Nederland is van mening dat het juist dezer dagen essentieel is om tijdens
de Vierde WTO Ministeriële Conferentie het startschot te geven voor een
nieuwe handelsronde. Minister-president Kok heeft dit ook bij zijn bezoek
aan de Europese Commissie op 26 september aan Voorzitter Commissie Prodi
kenbaar gemaakt. De Commissie en de meerderheid van de lidstaten zijn deze
mening ook toegedaan. De discussie zal zich derhalve met name richten op
geboekte voortgang en mogelijkheden om de kans op een succesvolle
bijeenkomst in Doha te vergroten. Nederland steunt de aanpak van de
Commissie en is tevreden met de tot dusver bereikte voortgang op het
dossier. Wat Nederland betreft moet de EU zich nu vooral richten op zgn.
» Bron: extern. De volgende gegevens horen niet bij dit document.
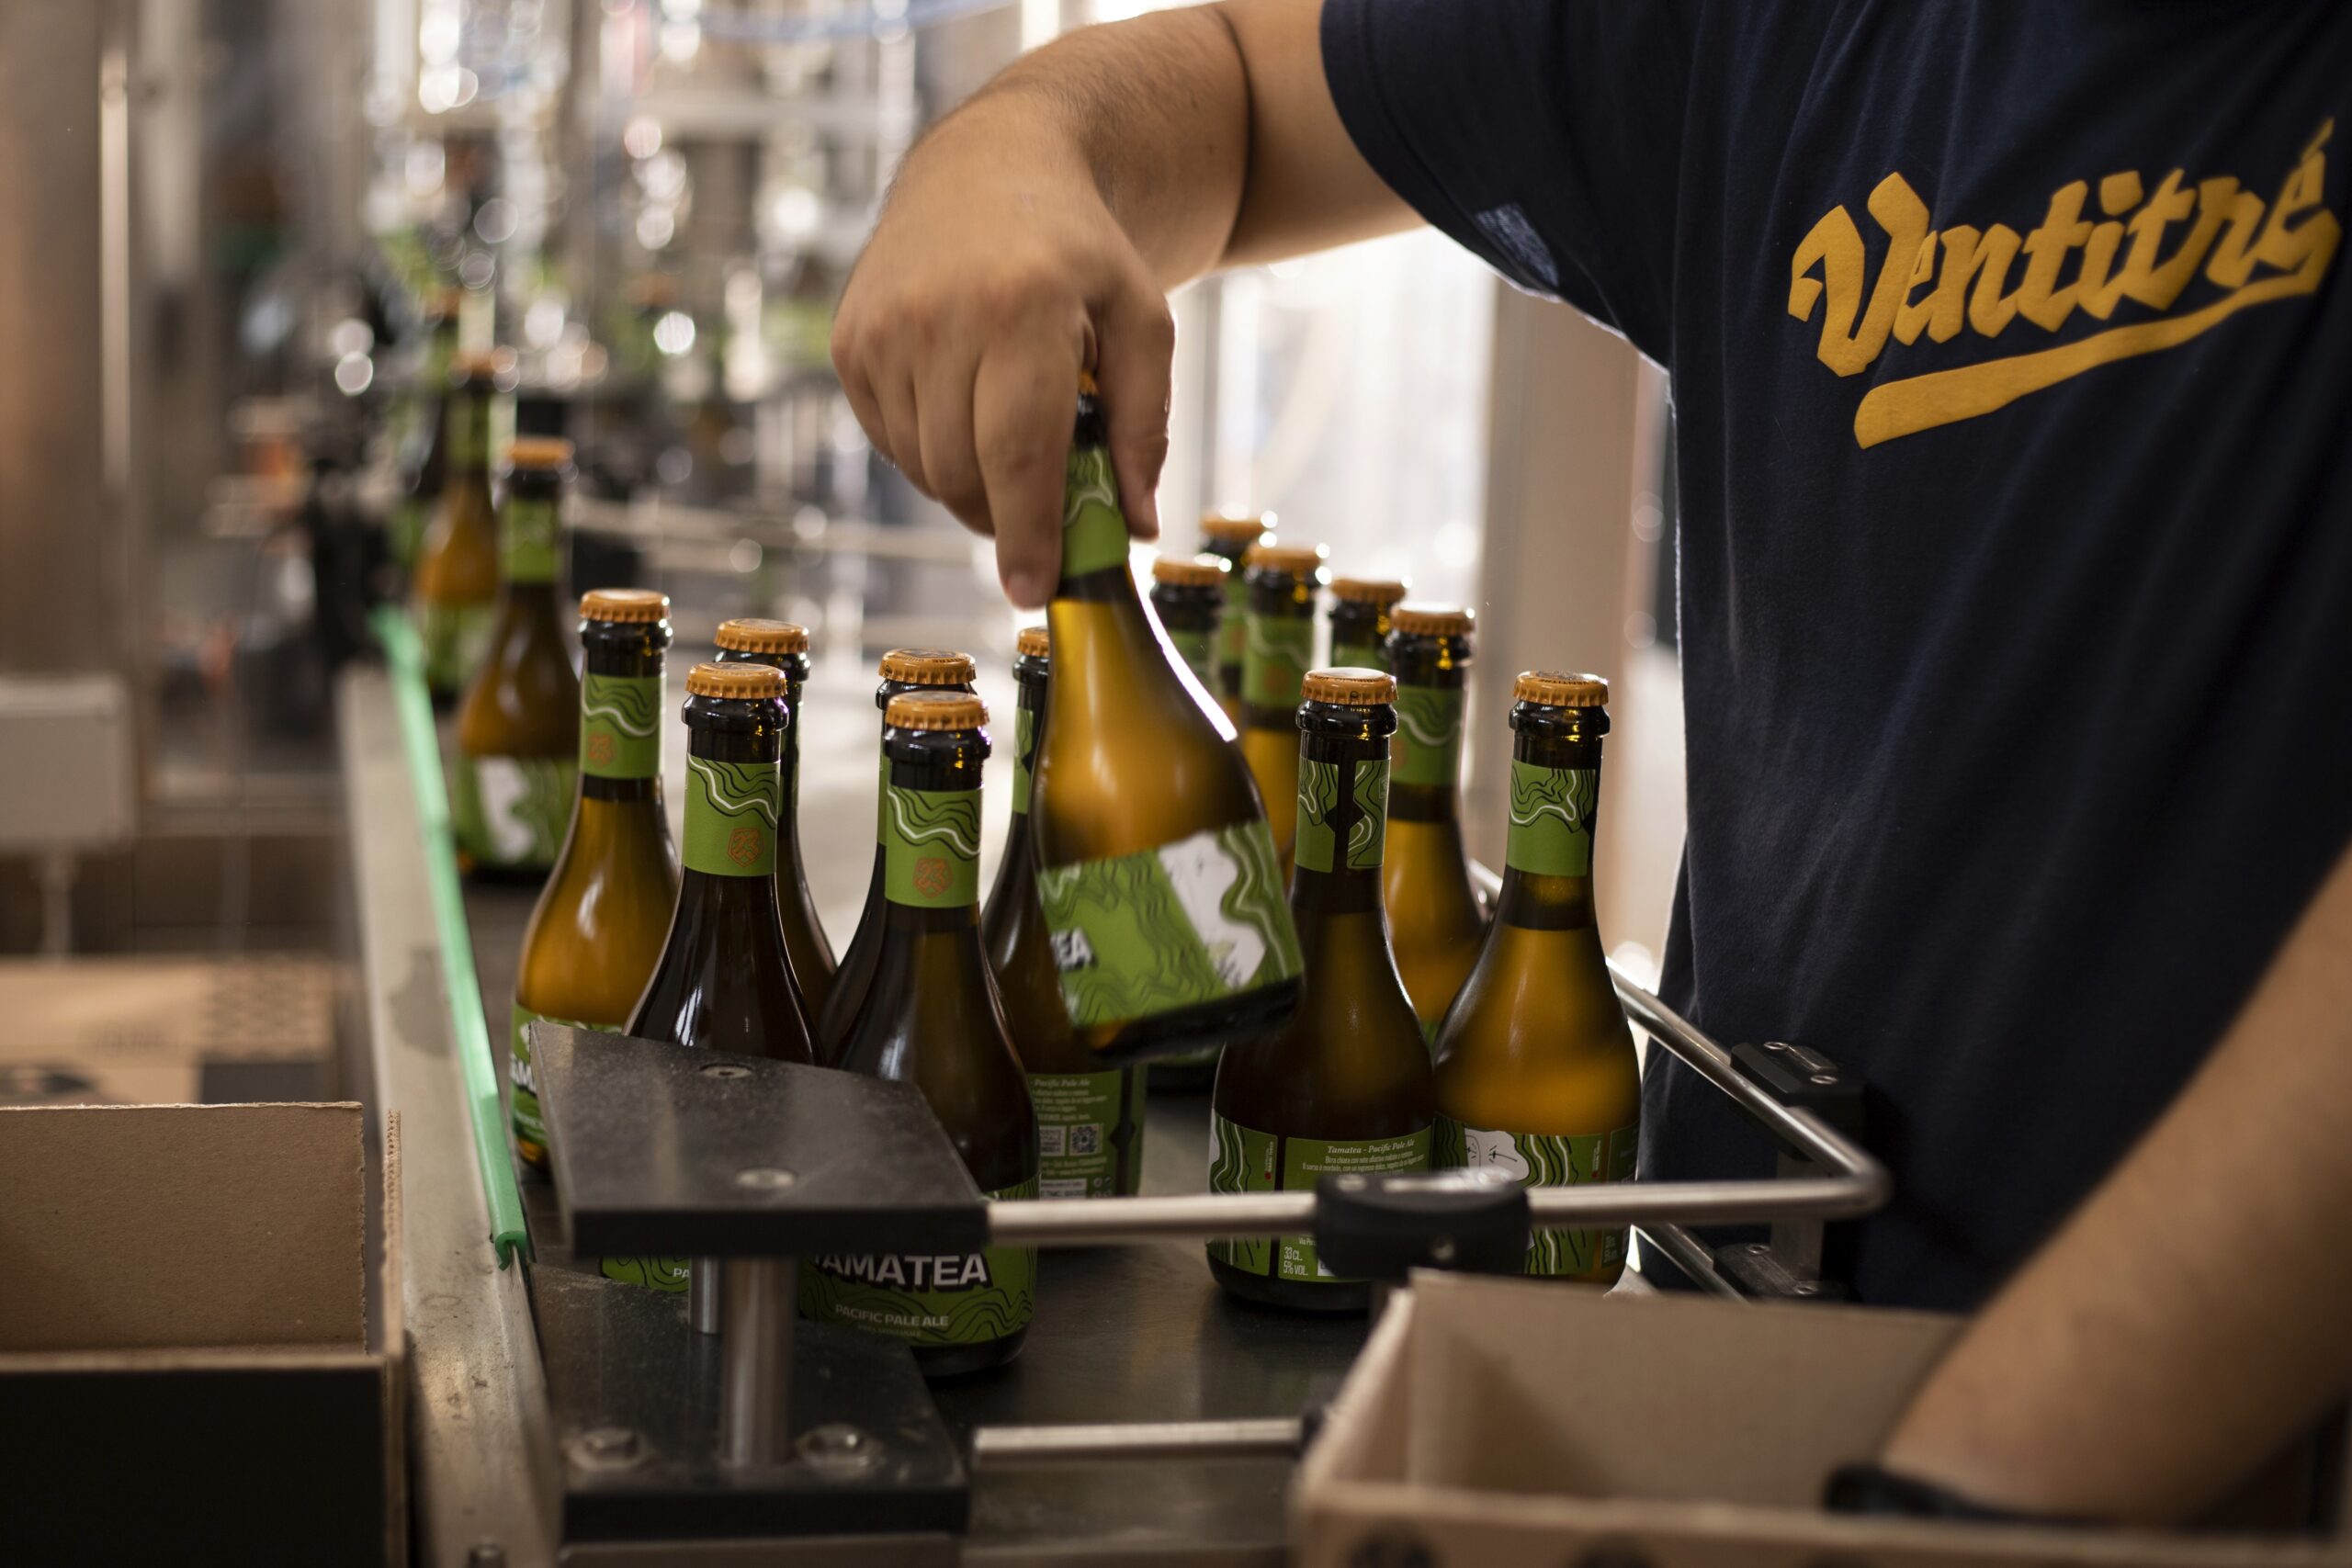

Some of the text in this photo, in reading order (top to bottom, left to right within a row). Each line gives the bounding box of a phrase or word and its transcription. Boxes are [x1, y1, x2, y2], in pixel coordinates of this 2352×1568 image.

[1328, 1145, 1362, 1154] Tamatea
[1368, 1144, 1391, 1155] Pacific
[1392, 1141, 1406, 1151] Pale
[1283, 1247, 1293, 1260] 33
[816, 1251, 988, 1286] AMATEA
[1295, 1264, 1308, 1276] VOL.
[836, 1303, 949, 1327] PACIFIC PALE ALE
implementatie-wensen die ontwikkelingslanden hebben gesteld als voorwaarde
voor instemming met de start van een nieuwe ronde. Daarnaast zou de EU,
indien nodig, haar eigen wensen wat betreft de agenda van een nieuwe
handelsronde nog eens kritisch kunnen bekijken.
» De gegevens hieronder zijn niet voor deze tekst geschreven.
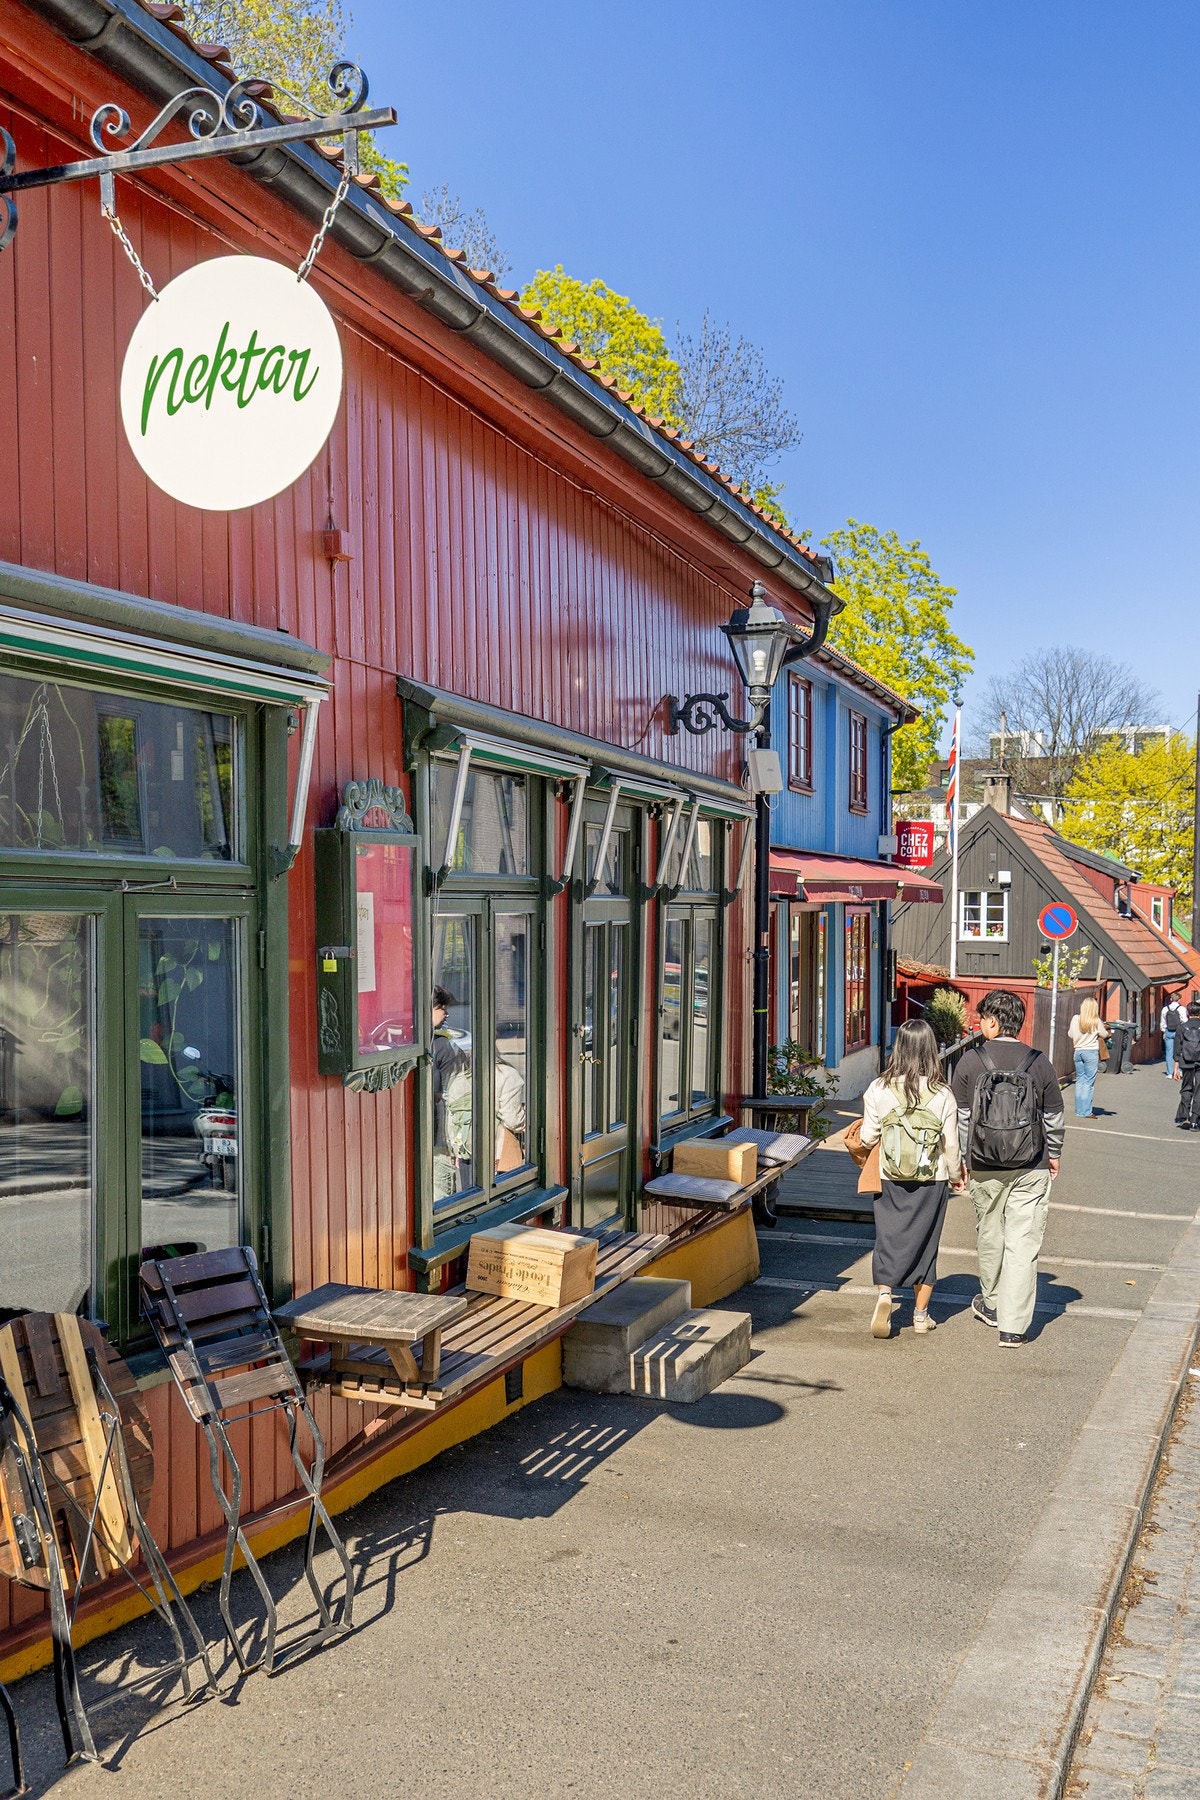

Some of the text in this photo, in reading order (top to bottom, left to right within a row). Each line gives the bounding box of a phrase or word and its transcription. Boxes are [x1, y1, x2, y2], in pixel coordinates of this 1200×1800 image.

Tijdens de AR van 29 oktober zal er wederom over Doha worden gesproken.
VN-Mensenrechtencommissie
---
Tijdens de lunch zal op verzoek van Zweden worden gesproken over de
VN-Mensenrechtencommissie. De Verenigde Staten hebben voorjaar 2001 hun
zetel in de Commissie verloren, voor de eerste keer sinds het bestaan van de
Commissie. De reden van de agendering van dit onderwerp is tweeledig. Ten
eerste moet de EU zich buigen over de vraag hoe de Verenigde Staten
betrokken te houden bij het werk van de VN-Mensenrechtencommissie. Ten
tweede zal gesproken worden over zetelverdeling en stemming in het voorjaar
van 2002. In de Westerse Groep komen dan vier zetels vrij, waarvoor zich tot
dusverre reeds vier landen (EU-)landen gekandideerd hebben: Duitsland,
Ierland, Italië en Spanje.
Nederland betreurt het dat de VS geen zetel hebben weten te bemachtigen in
de VN-Mensenrechtencommissie. Het is belangrijk om aan de bestaande
EU-trojkadialoog met de VS op het gebied van de mensenrechten dit jaar extra
zorg en aandacht te besteden teneinde het blijvende engagement van de VS te
waarborgen. Hoewel er geen directe aanleiding is om te vrezen dat de VS in
2002 niet opnieuw in de Commissie zullen worden verkozen, vindt Nederland
dat de EU zich actief moet inzetten om herhaling te voorkomen. Het streven
moet dus gericht zijn op een 'agreed slate' binnen de Westerse Groep waarbij
één zetel aan de VS zou toevallen.
In de marge van de Raad:
- EER-Raad
En marge van de Raad zal bijeenkomen de EER-raad (Noorwegen, IJsland en
Liechtenstein). Naast de gebruikelijke onderwerpen (handel, interne markt,
milieu) zullen de besprekingen voornamelijk in het teken staan van de
bestrijding van het terrorisme. Bijzonder aandacht zal daarbij uitgaan naar
gezamenlijke maatregelen om de financiering van het terrorisme tegen te
gaan. Dit onderwerp is in de EER-raad relevant omdat Liechtenstein
bijzondere bepalingen kent m.b.t. het bankgeheim.
- Associatieraad Marokko
En marge van de Algemene Raad zal de tweede jaarlijkse Associatieraad
plaatsvinden tussen de EU en Marokko, op basis van het Euromediterrane
associatie-akkoord dat op 1 maart 2000 in werking trad. Tijdens deze
bijeenkomst zal de voortgang in de implementatie van het associatie-akkoord
in al zijn onderdelen worden besproken. Tijdens de politieke dialoog komt
onder meer de mensenrechtensituatie aan de orde, evenals de voortgang die
Marokko maakt op het gebied van sociale hervormingen. Bovendien zal worden
gesproken over de situatie in het Midden Oosten en over
terrorismebestrijding. Tenslotte zal onder meer van gedachten worden
gewisseld over de voortgaande handelsliberalisering, regionale integratie,
de hulp die de Commissie aan Marokko geeft onder het MEDA-programma, het
Barcelona-proces en de verschillende dialogen die in dat kader plaatsvinden.